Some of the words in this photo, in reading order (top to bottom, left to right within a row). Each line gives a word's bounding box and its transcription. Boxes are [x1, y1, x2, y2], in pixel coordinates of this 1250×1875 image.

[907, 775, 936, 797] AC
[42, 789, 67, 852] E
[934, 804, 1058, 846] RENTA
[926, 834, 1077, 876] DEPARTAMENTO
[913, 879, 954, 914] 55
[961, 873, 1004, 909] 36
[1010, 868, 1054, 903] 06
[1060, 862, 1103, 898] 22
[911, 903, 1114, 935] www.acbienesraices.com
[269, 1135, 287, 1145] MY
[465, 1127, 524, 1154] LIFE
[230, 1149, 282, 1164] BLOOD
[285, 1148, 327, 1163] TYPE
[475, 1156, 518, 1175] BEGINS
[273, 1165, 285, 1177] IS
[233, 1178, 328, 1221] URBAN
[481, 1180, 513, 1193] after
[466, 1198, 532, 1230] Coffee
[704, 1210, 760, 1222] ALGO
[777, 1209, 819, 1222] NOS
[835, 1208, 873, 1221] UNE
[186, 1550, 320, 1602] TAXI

## [Your objective]
All entries are to be reproduced verbatim, with none omitted.

## [Answer to this exercise]
Some of the words in this photo, in reading order (top to bottom, left to right within a row). Each line gives a word's bounding box and its transcription. Boxes are [x1, y1, x2, y2], in pixel coordinates of this 1250×1875 image.

[907, 775, 936, 797] AC
[42, 789, 67, 852] E
[934, 804, 1058, 846] RENTA
[926, 834, 1077, 876] DEPARTAMENTO
[913, 879, 954, 914] 55
[961, 873, 1004, 909] 36
[1010, 868, 1054, 903] 06
[1060, 862, 1103, 898] 22
[911, 903, 1114, 935] www.acbienesraices.com
[269, 1135, 287, 1145] MY
[465, 1127, 524, 1154] LIFE
[230, 1149, 282, 1164] BLOOD
[285, 1148, 327, 1163] TYPE
[475, 1156, 518, 1175] BEGINS
[273, 1165, 285, 1177] IS
[233, 1178, 328, 1221] URBAN
[481, 1180, 513, 1193] after
[466, 1198, 532, 1230] Coffee
[704, 1210, 760, 1222] ALGO
[777, 1209, 819, 1222] NOS
[835, 1208, 873, 1221] UNE
[186, 1550, 320, 1602] TAXI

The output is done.